The bill requires drug companies and manufacturers to reimburse Medicare for certain wasted medications, specifically leftover portions of drugs packaged in single-dose containers or single-use packages payable under Medicare Part B. Exclusions to this are 1) drugs or biologicals that are either a radiopharmaceutical or imaging agent; 2) drugs or biologicals approved by the U.S. Food and Drug Administration (FDA) for which dosage and administration instructions included in the labeling require filtration during the drug preparation process prior to dilution and administration, and that require any unused portion of such drugs after the filtration process be discarded; or 3) drugs or biologicals approved by FDA on or after the date of enactment of the bill and for which payment has been made for fewer than 18 months.
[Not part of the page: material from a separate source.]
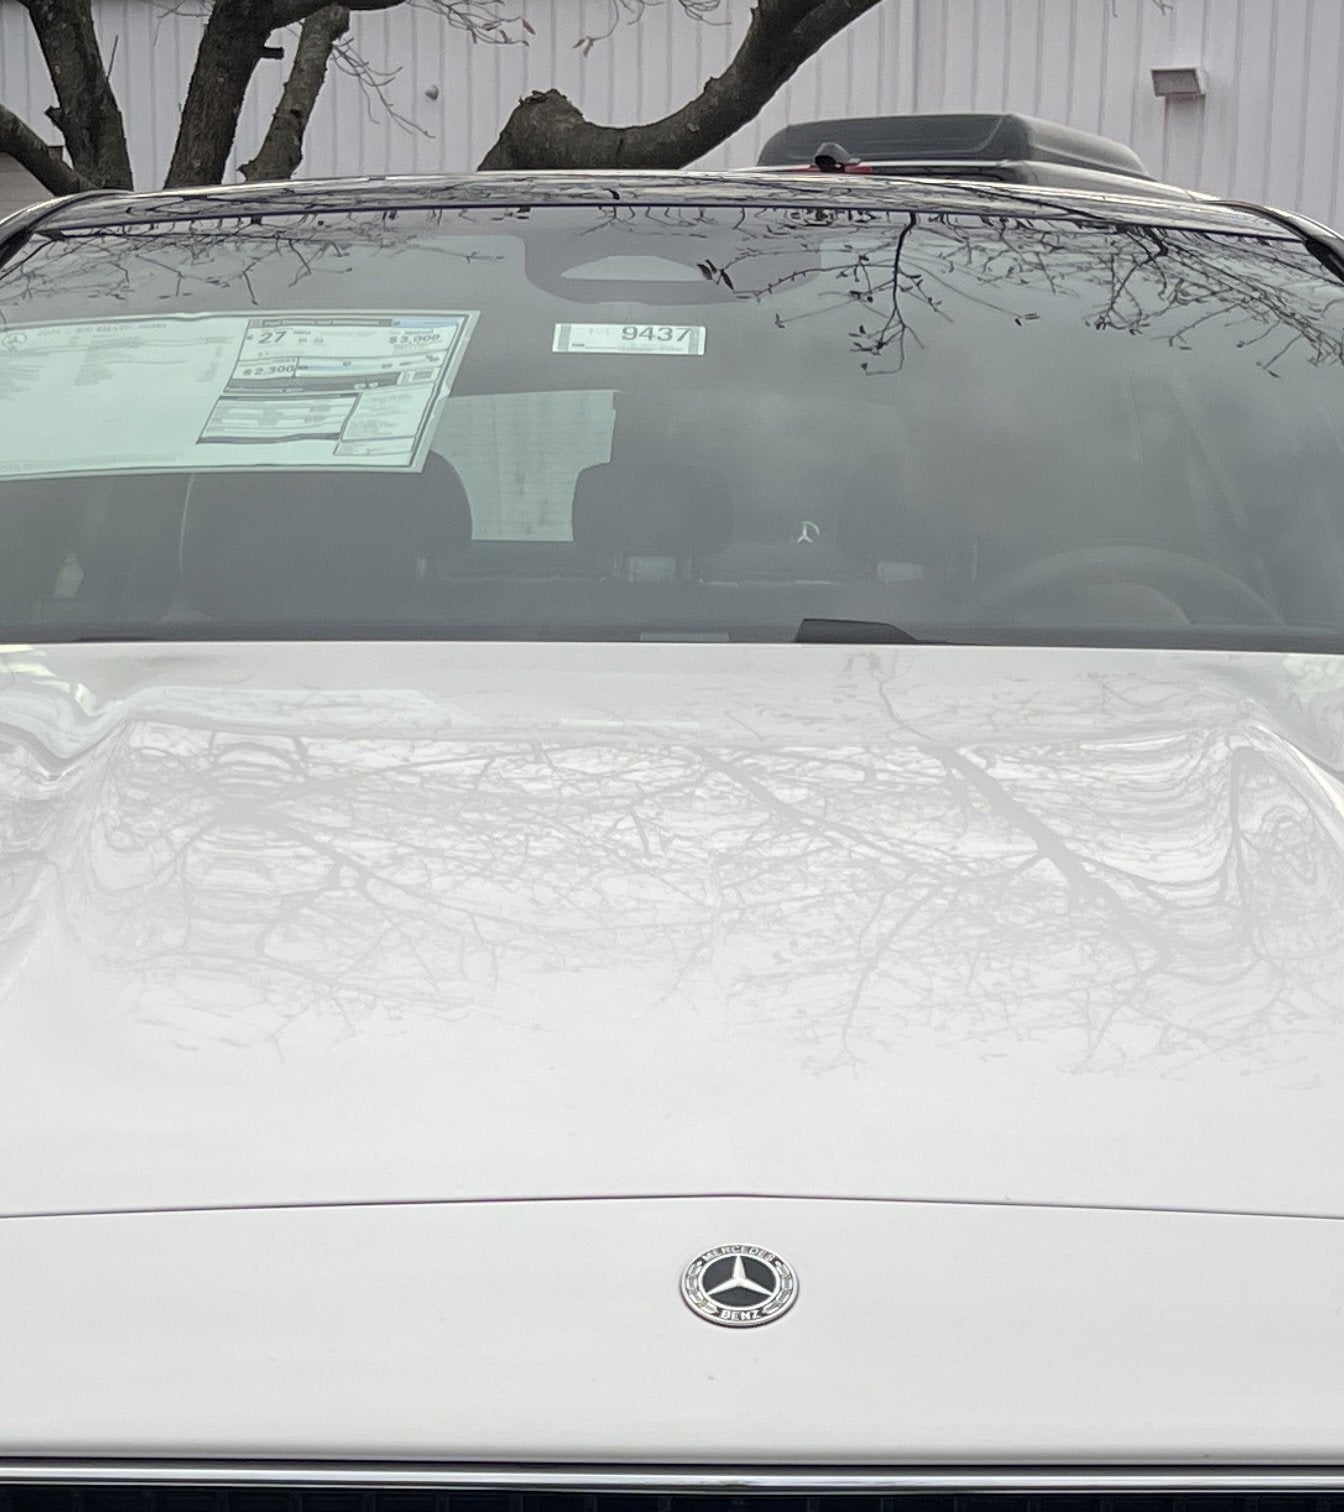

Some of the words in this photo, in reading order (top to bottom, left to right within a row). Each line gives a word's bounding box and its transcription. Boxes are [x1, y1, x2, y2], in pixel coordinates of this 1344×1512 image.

[258, 331, 287, 345] 27
[622, 326, 691, 342] 9437
[702, 1245, 774, 1262] MERCEDES
[720, 1309, 761, 1321] BENZ
Further provisions require the U.S. Department of Health and Human Services (HHS) to aggregate the total amount of discarded Part B drugs quarterly using Medicare Part B claims, and to calculate refunds using average sales price (ASP) or wholesale acquisition cost if ASP isn’t available. Drug manufacturers are required to provide a rebate to HHS for the total amount of discarded medication recorded, above a 10 percent low-volume threshold. Noncompliance to provide a timely rebate could incur civil monetary penalties under the Act.
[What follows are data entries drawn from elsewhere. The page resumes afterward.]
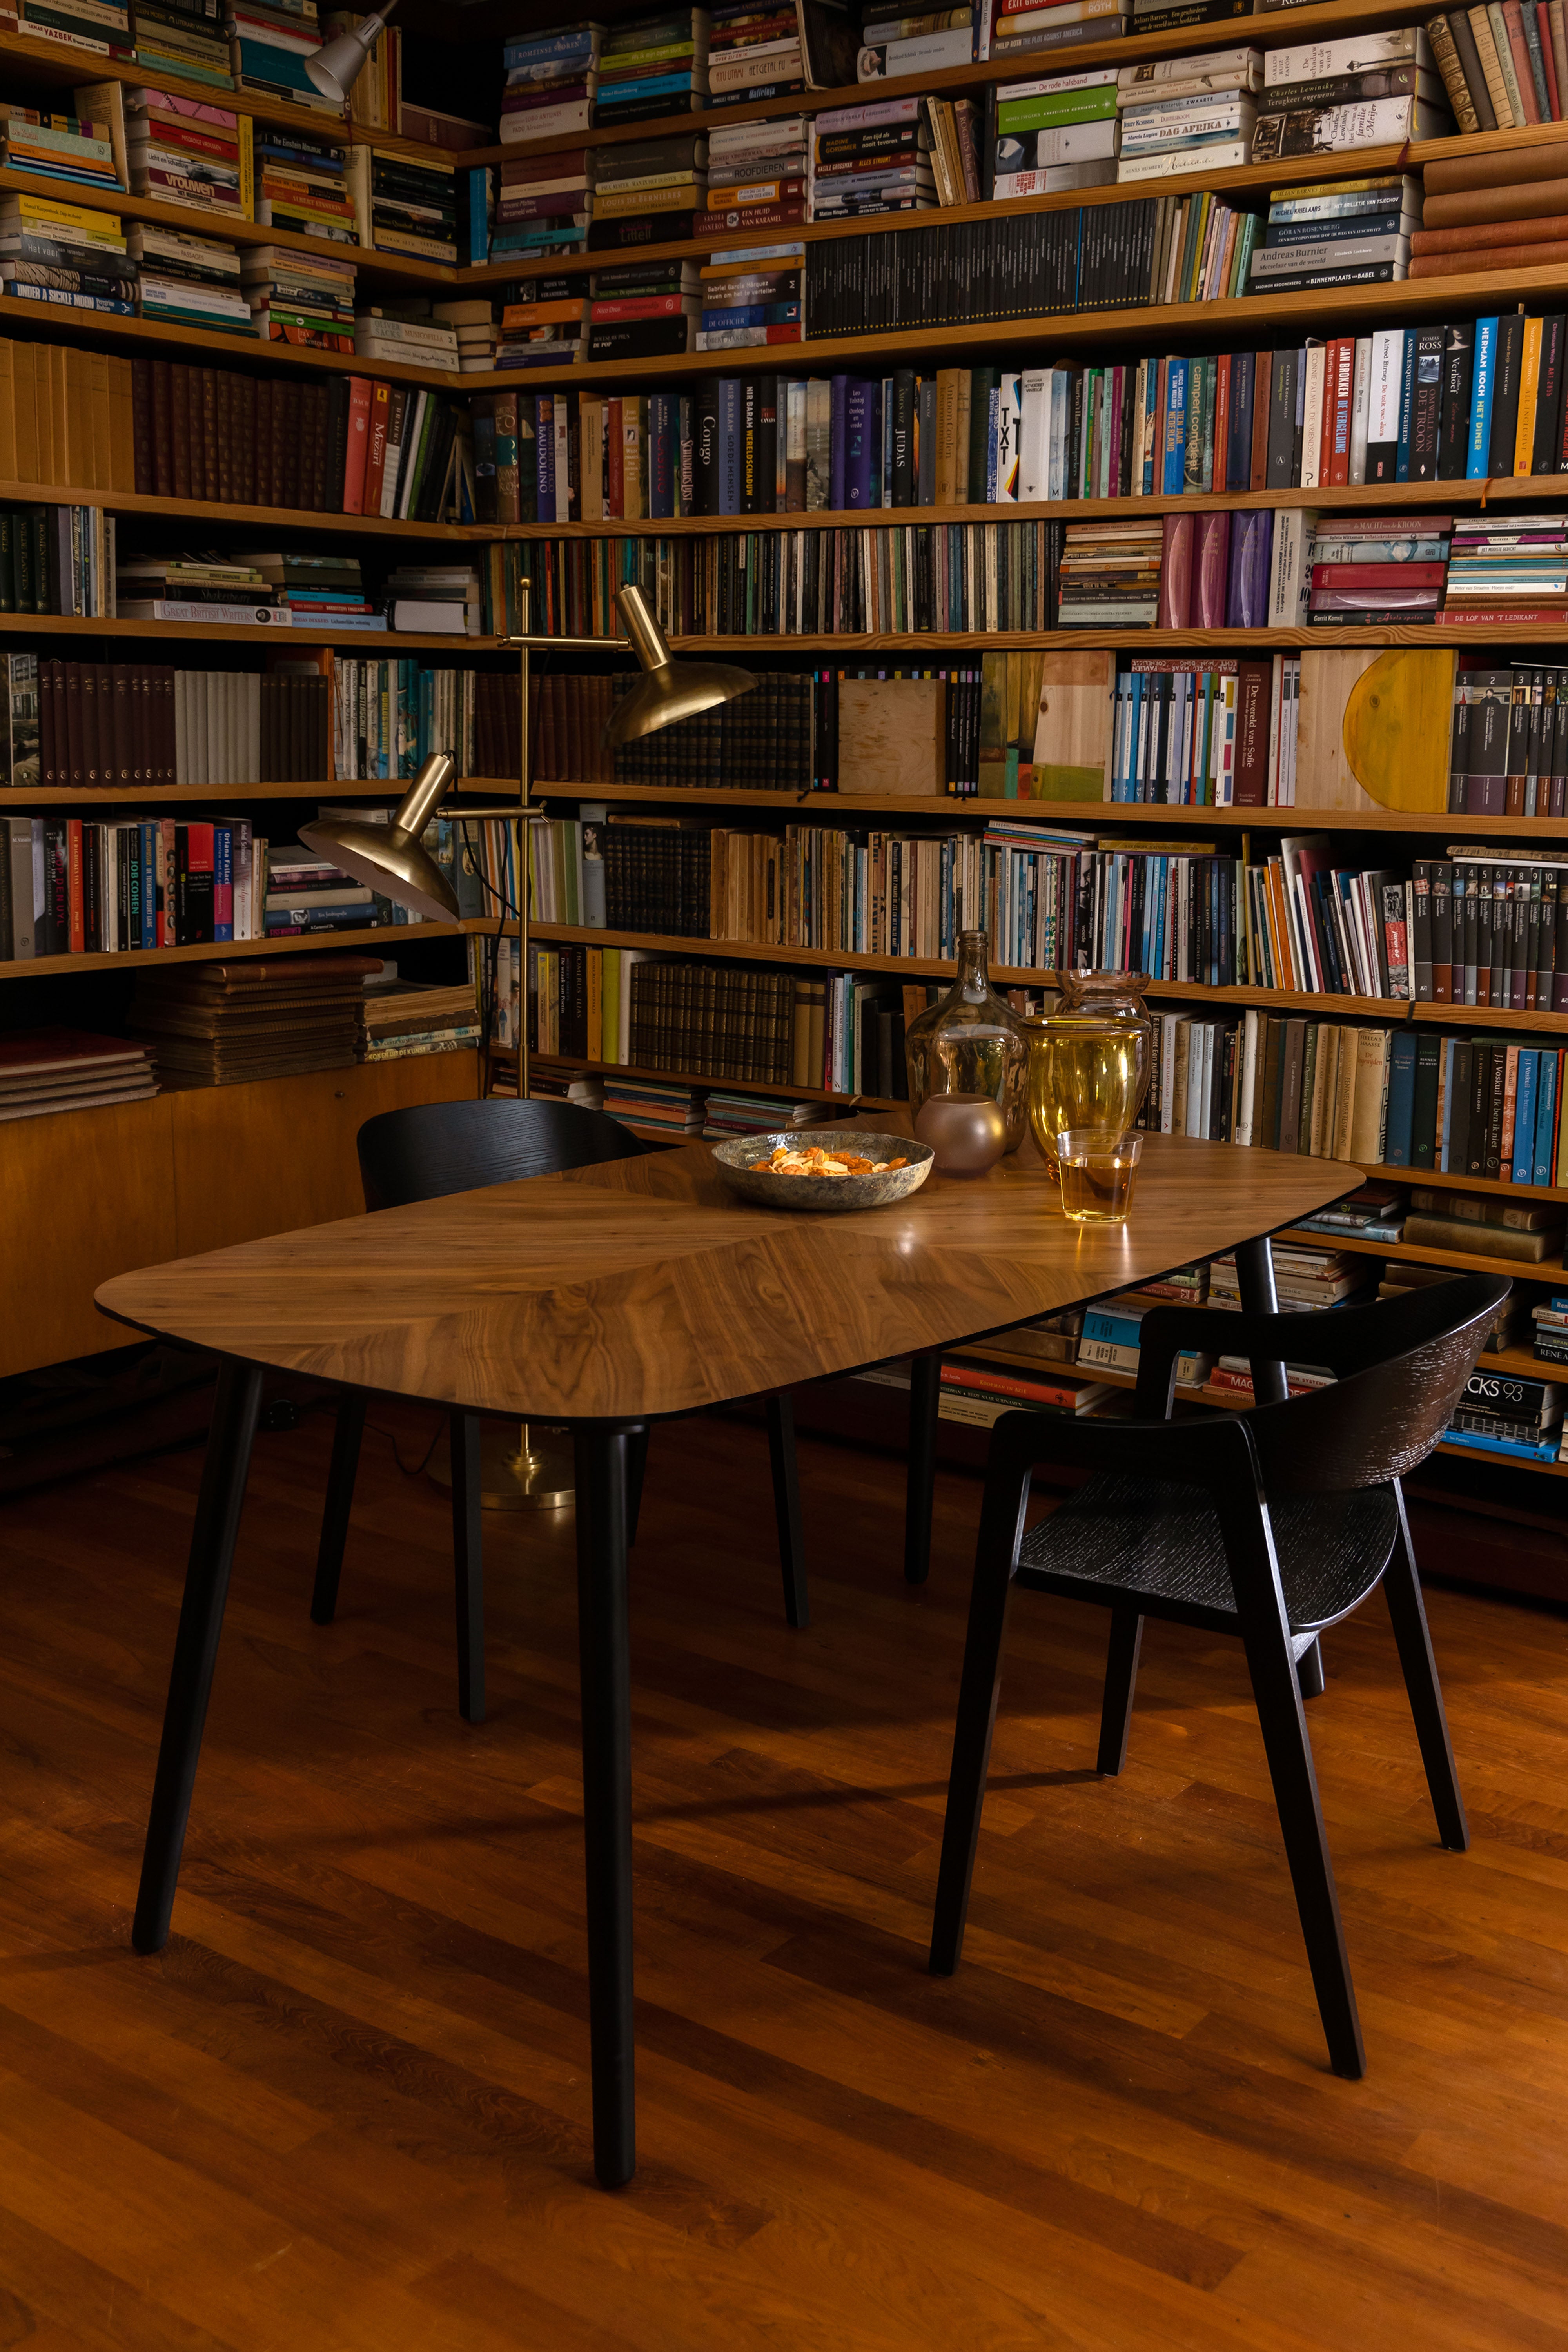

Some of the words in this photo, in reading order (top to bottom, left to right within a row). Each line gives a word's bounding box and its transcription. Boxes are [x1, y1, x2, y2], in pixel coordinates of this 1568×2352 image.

[44, 29, 72, 42] YAZBEK
[995, 41, 1009, 50] PHILIP
[1011, 40, 1022, 48] ROTH
[1032, 37, 1042, 45] PLOT
[1044, 33, 1062, 42] AGAINST
[1063, 27, 1083, 38] AMERICA
[1049, 81, 1061, 89] rode
[1062, 77, 1087, 87] halsband
[1299, 84, 1334, 94] Lewinsky
[1267, 97, 1301, 107] Terugkeer
[1302, 91, 1335, 102] ongewenst
[1357, 107, 1365, 137] familie
[1368, 104, 1377, 137] Meijer
[1159, 129, 1180, 138] DAG
[1181, 121, 1221, 134] AFRIKA
[282, 138, 301, 149] Einstein
[302, 142, 321, 154] Almanac
[826, 144, 857, 153] GORDIMER
[877, 138, 897, 146] tevoren
[148, 153, 158, 162] Licht
[168, 158, 189, 170] schaduw
[735, 163, 784, 178] ROOFDIEREN
[166, 174, 215, 196] vrouwen
[602, 198, 624, 207] LOUIS
[639, 191, 681, 203] BERNIÈRES
[1294, 205, 1321, 214] KRIELAARS
[1344, 200, 1365, 209] BRILLETJE
[704, 214, 724, 222] SANDRA
[742, 218, 753, 226] VAN
[753, 215, 782, 225] KARAMEL
[699, 222, 724, 232] CISNEROS
[28, 244, 40, 253] Het
[42, 245, 58, 257] veer
[1260, 250, 1294, 261] Andreas
[1296, 247, 1328, 258] Burnier
[1310, 274, 1351, 284] BINNENPLAATS
[17, 284, 40, 297] UNDER
[42, 288, 47, 300] A
[49, 289, 72, 305] SICKLE
[74, 296, 94, 309] MOON
[375, 321, 400, 330] OLIVER
[717, 318, 745, 326] OFFICIER
[375, 328, 400, 338] SACKS
[1419, 341, 1442, 350] ROSS
[1479, 327, 1489, 368] HERMAN
[1339, 347, 1350, 362] JAN
[1338, 363, 1350, 398] BROKKEN
[1450, 357, 1460, 395] Verhoef
[1478, 371, 1488, 397] KOCH
[1191, 366, 1201, 415] campert
[1418, 389, 1428, 405] DE
[1337, 400, 1348, 413] DE
[1476, 400, 1485, 419] HET
[1000, 408, 1009, 465] TXT
[1167, 411, 1176, 452] NEDERLAND
[1335, 413, 1347, 454] VERGELDING
[1416, 408, 1427, 453] TROON
[1474, 422, 1485, 451] DINER
[373, 422, 385, 465] Mozart
[699, 416, 716, 466] Congo
[895, 428, 906, 468] JUDAS
[1189, 417, 1199, 472] compleet
[539, 426, 547, 494] BAUDOLINO
[163, 604, 189, 618] GREAT
[190, 606, 219, 620] BRITISH
[221, 608, 253, 621] WRITERS
[1251, 686, 1259, 696] De
[1249, 698, 1257, 727] wereld
[1246, 746, 1255, 768] Sofie
[131, 860, 139, 878] JOB
[131, 879, 139, 915] COHEN
[1494, 1054, 1504, 1067] J.J.
[1494, 1068, 1503, 1096] Voskuil
[1494, 1098, 1501, 1107] Ik
[1540, 1348, 1562, 1359] RENÉ
[1303, 1378, 1327, 1387] SYSTEMS
[1503, 1383, 1523, 1402] 93
Compliance audits are intended to rule out fraud. These audits could include manufacturer’s compliance, accuracy of aggregated amount calculated, comparisons of billed doses and billed wastage with the number of units sold, or any other methods of determining data accuracy.
Medicare created billing for expensive waste in the OPPS shortly after switching to “billing units representing actual dose given” for reimbursement and away from the “whole vial” method of billing. While Medicare does not mandate billing for waste, it makes it possible to recoup lost dollars if a facility chooses to bill for it. To determine whether a drug can be billed for waste, answer these four questions: 1) Is the drug being used for a Medicare outpatient? 2) Is it a single-dose vial/package? 3) Does the product have an HCPCS code? 4) Does the product have a status indicator G or K designation? Only if the answer is yes to these questions can the facility bill for waste. If the answer is no, then it cannot bill.
Of course, it’s important to avoid creating an auto bill situation that doesn’t represent true actions. For example, if the vial contains 1 gram of the drug, and the infusion center uses 500 mg for each of two patients, nothing is wasted. But without carefully building this calculation into the system, the revenue cycle could assume two vials had been used and would erroneously process two waste charges, which is fraud.
Zero-priced products (patient assistance and white bag/specialty pharmacy drugs) don’t qualify for waste billing since there is no charge for these products. Staff must understand the difference, know when a zero-priced product is being used and use the correct line item on the order entry.